Ms H Bhengu, Chief Financial Manager, DIRCO, said that the Department underspent its budget by 3.3%, however the compensation of employees was at a 3.1% overspend, due to the new salary ceiling which was introduced by National Treasury. Some measures to mitigate the effects of this shortfall was to release up to 472 locally recruited personnel during the 2017/18 period. As well as freezing 55 South African posts abroad. On goods and services 1.6% of the budget was underspent. This was due to the non-implementation of the ICTS projects. Payment of capital assets was 71.2% underspent due to the halting of the acquisition of land in New York because the Auditor-General found that the Department had not complied with certain supply chain processes. Program 1 on administration saw 11.6% of its budget underspent, with foreign fixed assets including the funds allocated to the acquisition of land in New York. The cost drivers in this program included the finance lease payments for the Head Office building, computer services as well as State Protocol Lounges, the Pan African Parliament and UN offices. The main cost drivers in program 2 on international relations and bilateral relations are the compensation of employees. The Department was staff driven and funds are allocated to allowances for officials and locally recruited staff. Offices and residential units for personnel aboard make up a large portion of the program. She said that acquiring land in New York would further assist in reducing the cost of operating leases. Educational allowances and foreign municipality maintenance costs also formed part of this program’s expenditure. Program 3 on global governance was able to spend its entire budget however employee compensation was overspent. She highlighted that underspending on goods and services of 45.1% was because several ministerial and departmental meetings did not take place. The cost drivers of the global governance programs are personnel, transfers, cost of living, salaries of local and foreign allowance. She said that spending on program 4 on state protocol and public diplomacy was in accordance with the projections. Cost drivers in this program included, traveling and subsistence for official missions abroad as well as municipal service allowances for embassies.
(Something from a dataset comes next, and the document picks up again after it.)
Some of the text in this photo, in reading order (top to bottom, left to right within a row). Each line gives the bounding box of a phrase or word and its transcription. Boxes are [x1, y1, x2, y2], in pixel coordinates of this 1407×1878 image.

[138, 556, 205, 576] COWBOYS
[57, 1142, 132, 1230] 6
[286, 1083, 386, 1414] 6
International transfer for membership to AU, UN, SADC, NEPAD, Commonwealth etc. also saw a slight underspending due to favorable foreign exchange.
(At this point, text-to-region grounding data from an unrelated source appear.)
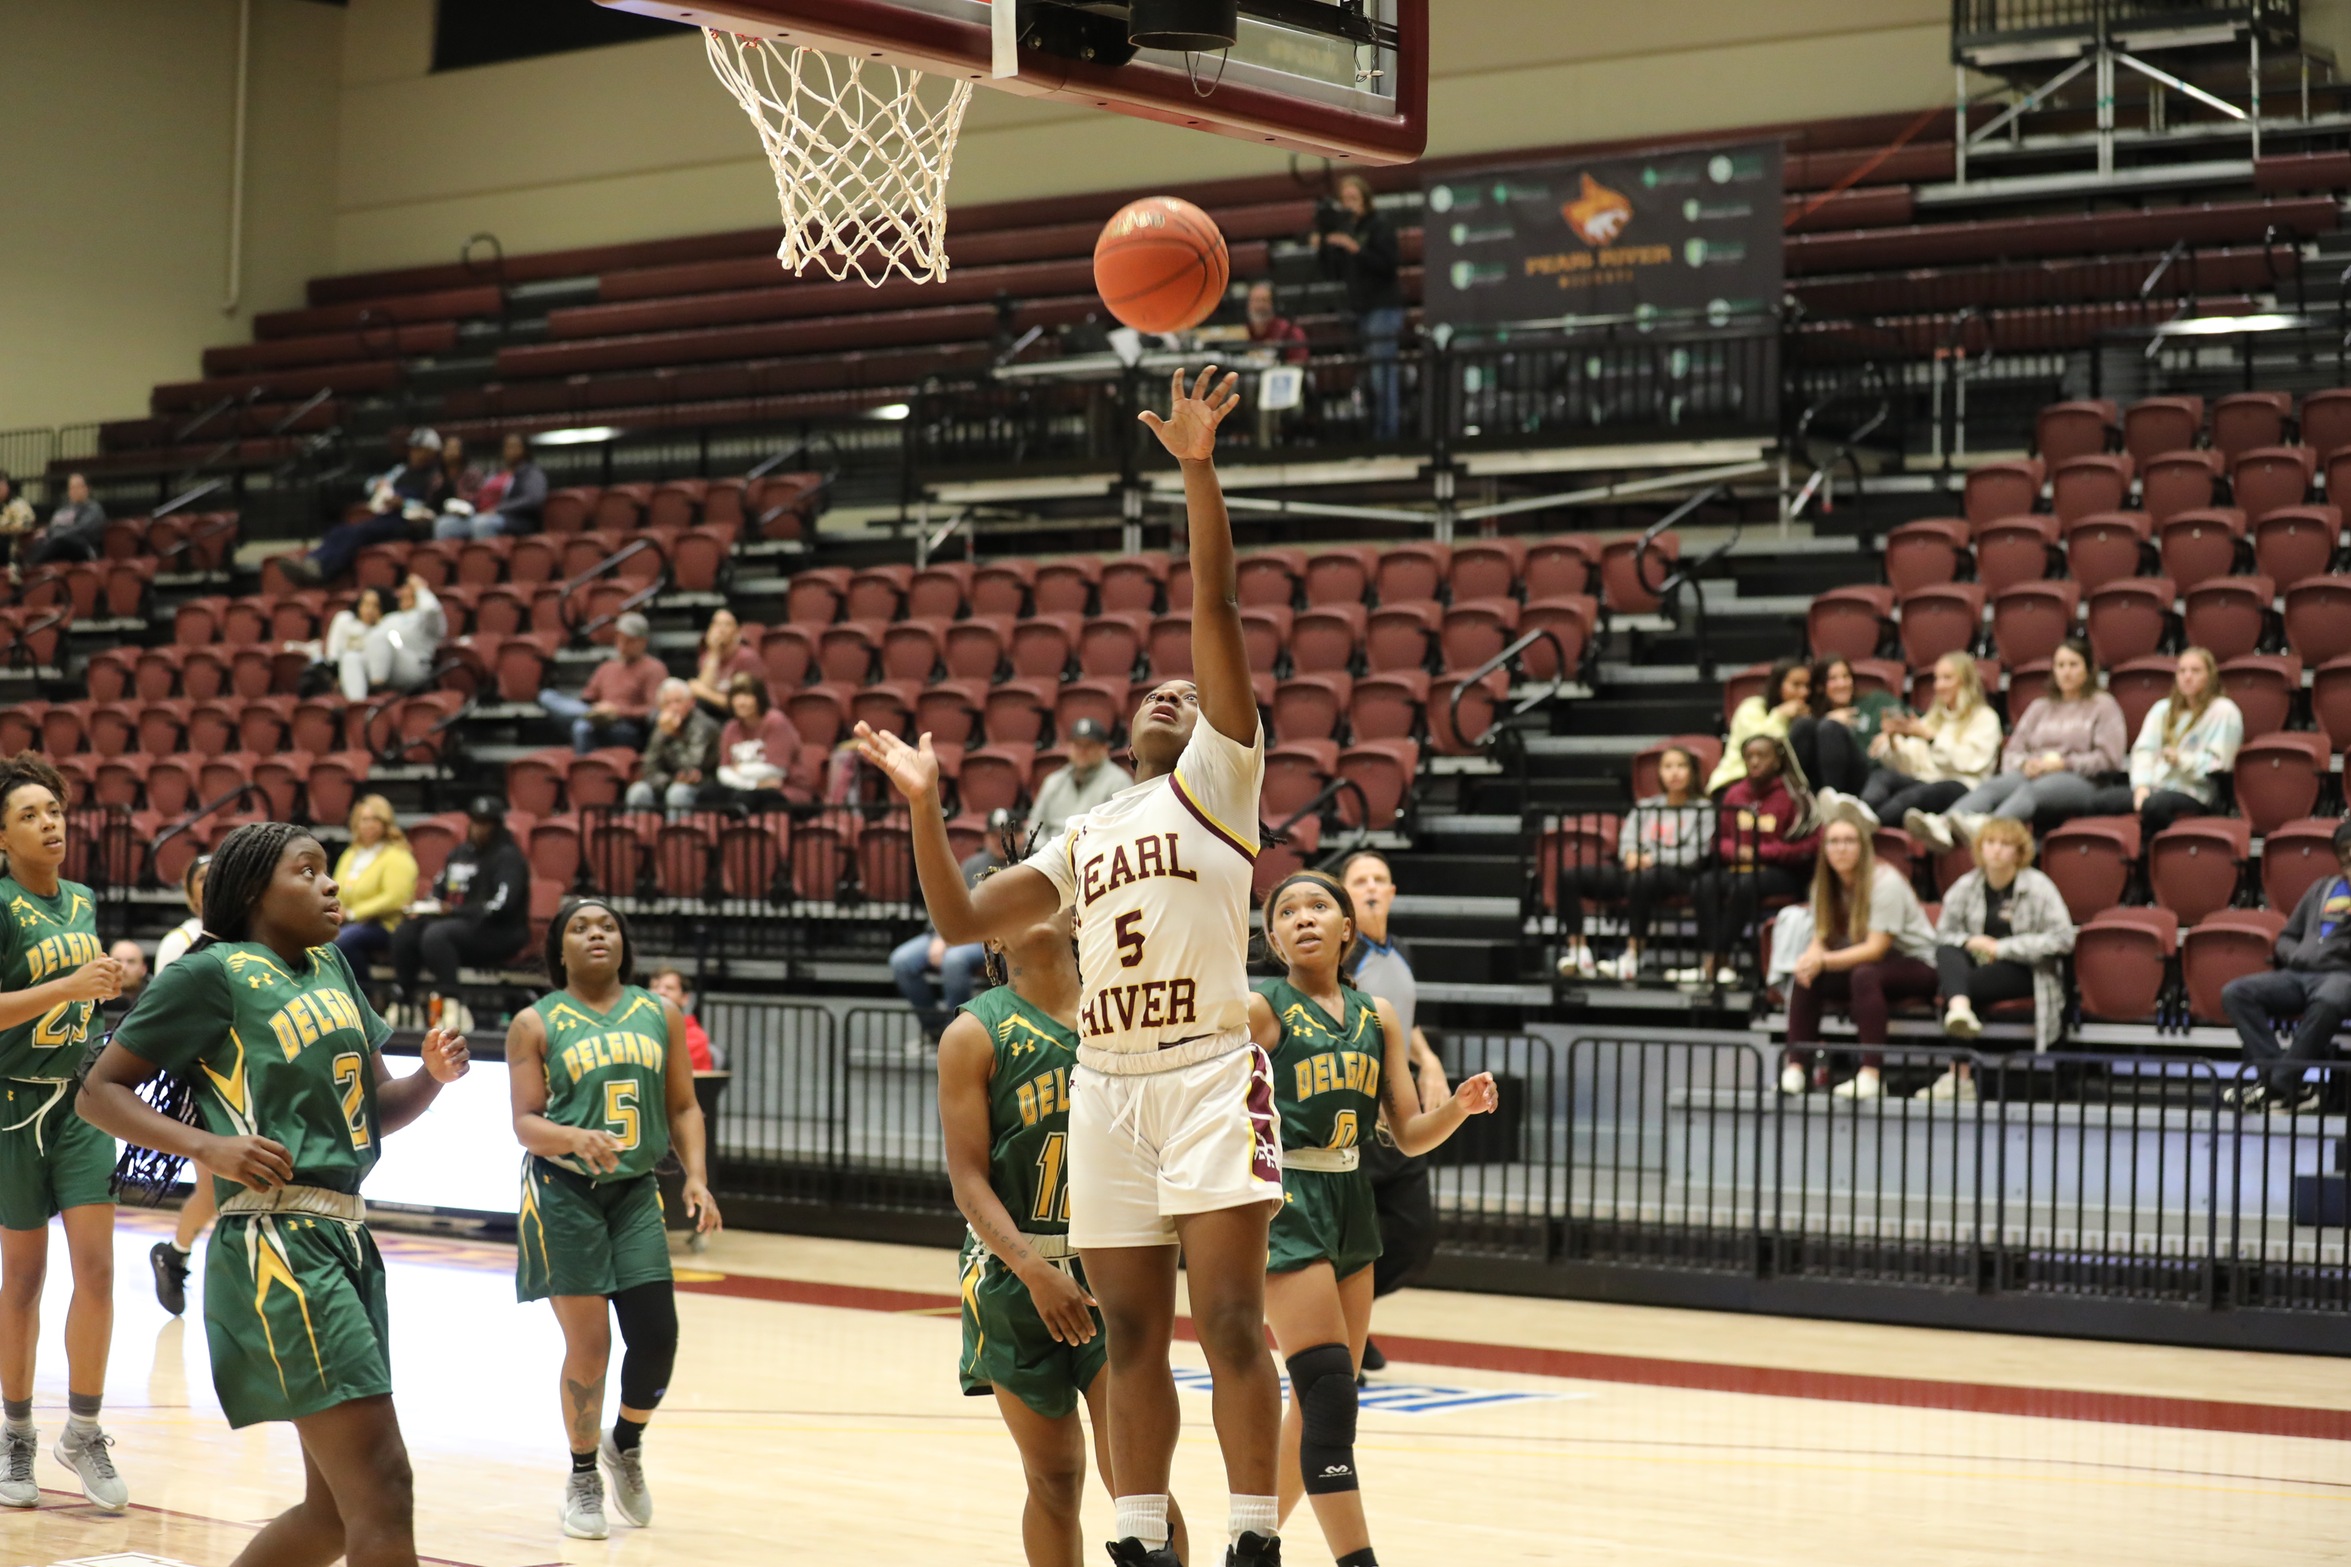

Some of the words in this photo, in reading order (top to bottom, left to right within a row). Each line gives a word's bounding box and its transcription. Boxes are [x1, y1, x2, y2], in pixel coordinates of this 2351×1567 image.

[1075, 833, 1198, 926] EARL
[1115, 909, 1145, 968] 5
[332, 1051, 371, 1151] 2
[604, 1079, 640, 1150] 5
[1031, 1131, 1070, 1222] 1
Mr S Mokgalapa (DA) requested that the list of contributions be sent to the committee.

African Renaissance Fund Quarter 4 performance

Ms T Fadane, Acting CFO, said that the Fund had spent only 93.6% of its budget, mostly due to the issues around the halting of the ICTS and New York projects. She said that the Department had received a qualified audit report. The main issue was asset management and expenditure management. A general strategy had been developed to address issues of asset management and the Department has attempted to identify its own weaknesses beyond the content of the audit report. Measures are being put in place, short, medium and long-term processes, which include an asset management unit. The Department would provide the committee with an update on the progress that has been achieved. She assured the Committee that the action plan would be under the watch of highest levels with weekly meetings and monitored at these meetings to ensure the Department can reach a clean audit.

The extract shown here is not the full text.